Even newcomer Yellowcake has trounced GCL's bottom-drawer performance in just six months.

ALL IMO. DYOR.
QP

quepassa
31/1/2019
15:30
With the premium and the significant fees, they get to keep quite a bit. With their top 5 or so holdings >50% of portfolio, it's quite tempting skip the premium/fees and buy direct.

I had a quick go at trying to quantify the difference. My assumptions were:


Amount £100,00010yr Ret 500% (Ret/Yr=17.46%)Geiger Prem 12.65% (???)Fees 1.38%Perf Fee 1.89% (20% of amount over 8%)XRate fee 1.00%



I then came up with the following:


Geiger DirectYr 0 £87,350 £99,000Yr 1 £99,745 £116,287Yr 2 £113,898 £136,593Yr 3 £130,059 £160,445Yr 4 £148,514 £188,462Yr 5 £169,588 £221,371Yr 6 £193,651 £260,026Yr 7 £221,129 £305,432Yr 8 £252,507 £358,766Yr 9 £288,336 £421,413Yr 10 £329,250 £495,000



Yr0 include Xrate fees for buying shares direct, and for Geiger Counter subtracts the premium. Geigers smaller holdings would probably outperform, so maybe their return would be better or maybe they stay on a premium after 10 years (so my initial amount wrong).

All very approximate, but gives an idea - In this example the direct shares investment amount is 50% more!

-0x3F

0x3f
31/1/2019
13:06
I agree dogberry. share price performance across the sector has been poor over the past year. I'm relaxed, and confident the returns will come. I'm back to breakeven here, but I won't be topping up. I'm happy with my current holding, and waiting patiently. I still like the simplicity of this vehicle, giving me exposure across the sector, without needing too much research. If they outperform the market, then i'm ok with letting them keep 8% of the outperformance.
bmcb5
31/1/2019
11:11
The time for U is coming but it may be at least a few weeks or so, yet. I like the holdings in GCL. Only a few quality U companies survive and the Fund holds these. NXE (NEXGEN) is a premier quality holding. URA is no longer purely a U fund.

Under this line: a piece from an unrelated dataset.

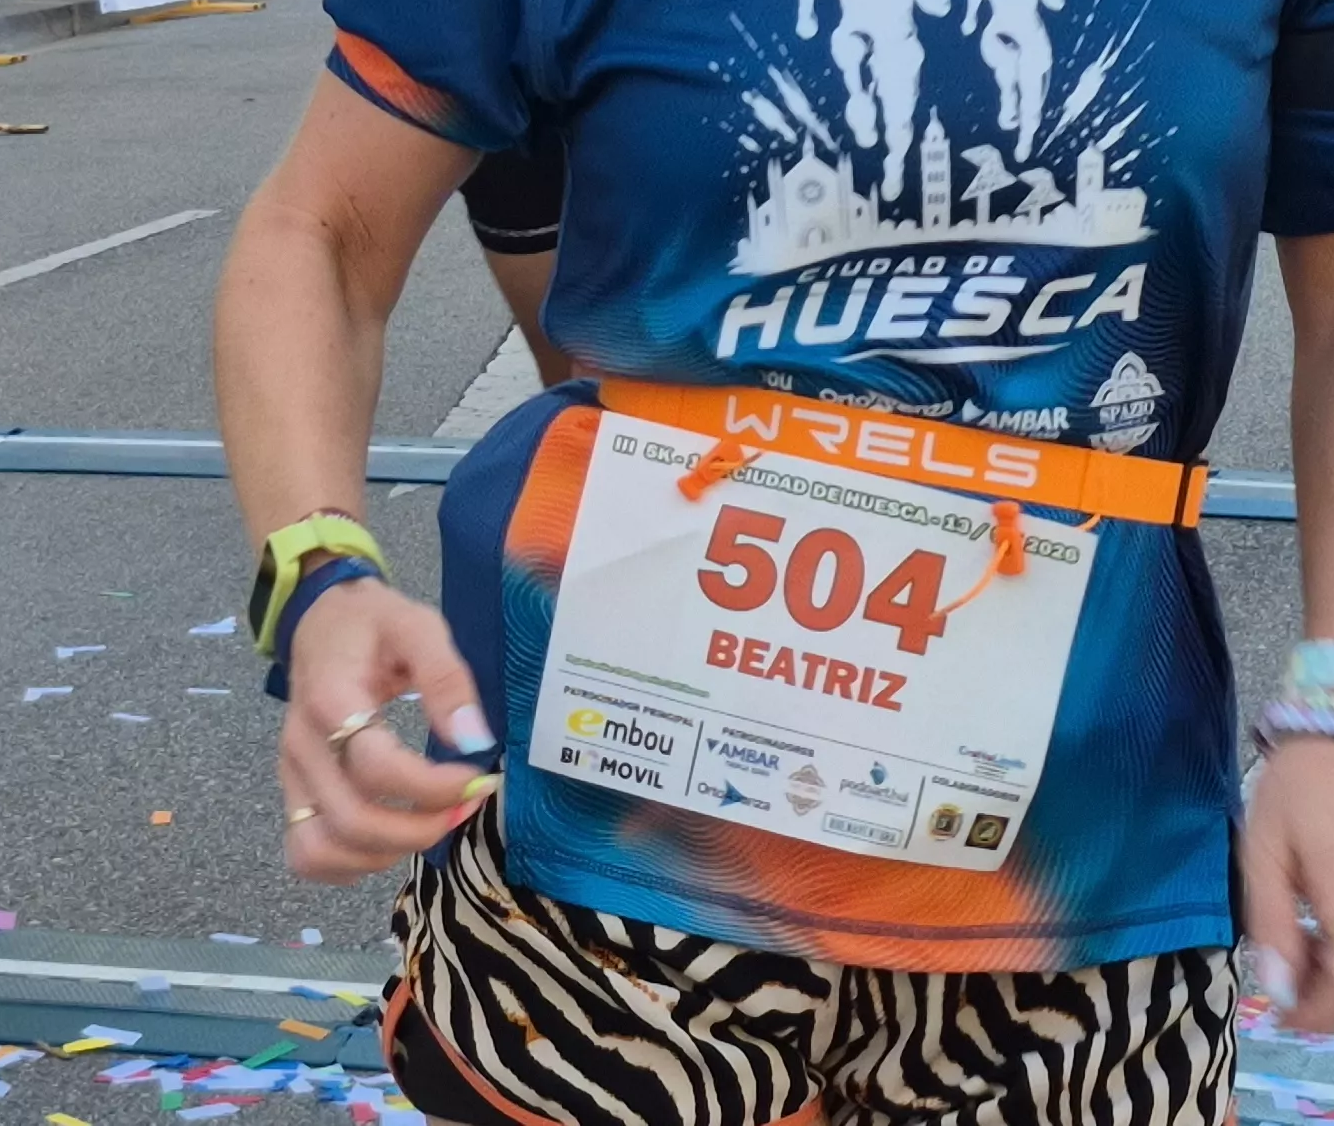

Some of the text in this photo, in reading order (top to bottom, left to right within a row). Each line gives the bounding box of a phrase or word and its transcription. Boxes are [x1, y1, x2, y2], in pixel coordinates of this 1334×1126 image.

The Fund went into defensive mode with Cameco over the long term tax case that the court found in Cameco's favour, only for the CRA to appeal.

There are golden crosses in CCJ, URG and UUU. If it takes place, Denison is a few weeks away from a golden cross. FCUUF is at the bottom of its channel with little or no meaningful downside left there. The Open Contracts for March is the largest for the entire year. So March is important and April seems also signficant. The PM sector is slowly beginning to break out and U is a few weeks or a month or so behind.


Patience is needed here. BTW I added under the price today at 19.35p. All the U companies are bargains right now and do not reflect the price action in U.

dogberry202000
31/1/2019
08:56
An abysmal performance gieger counter.

How much are we payin u?

(rising tone of astonishment)

escapetohome
30/1/2019
15:25
Kenny, the NAV hasn't gone up primarily because of the fund's underperforming uranium investments. The fund managers are meant to be able to spot good uranium investments not a bunch of underperforming investments.

They sold their holdings in Cameco 12 or 18 months ago. Timing on that disposal could not have been worse.

A monkey throwing a dart could do better than Geiger in my opinion.

ALL IMO. DYOR.
QP

quepassa
30/1/2019
14:38
Kenny, I assume you're aware of the peculiar situation of the Uranium market (ie. the price of metal and its relation to contracted supply)?

If so, there is a huge wall of money waiting to enter the market, either towards spot metal or miners which could (according to the bulls) propel the better miners to multiples of their current prices. Whilst the bull case has been weakened because the breakout is late (sort of) or won't happen (possible) the current share price premium here is well-explained by the fundamentals.

My own problem with GCL is what you're aware of - the opportunistic share issues at a premium and their charges. There are other and better ways to play the uranium market. (I hold YCA and KAP. But that's not a recommendation.)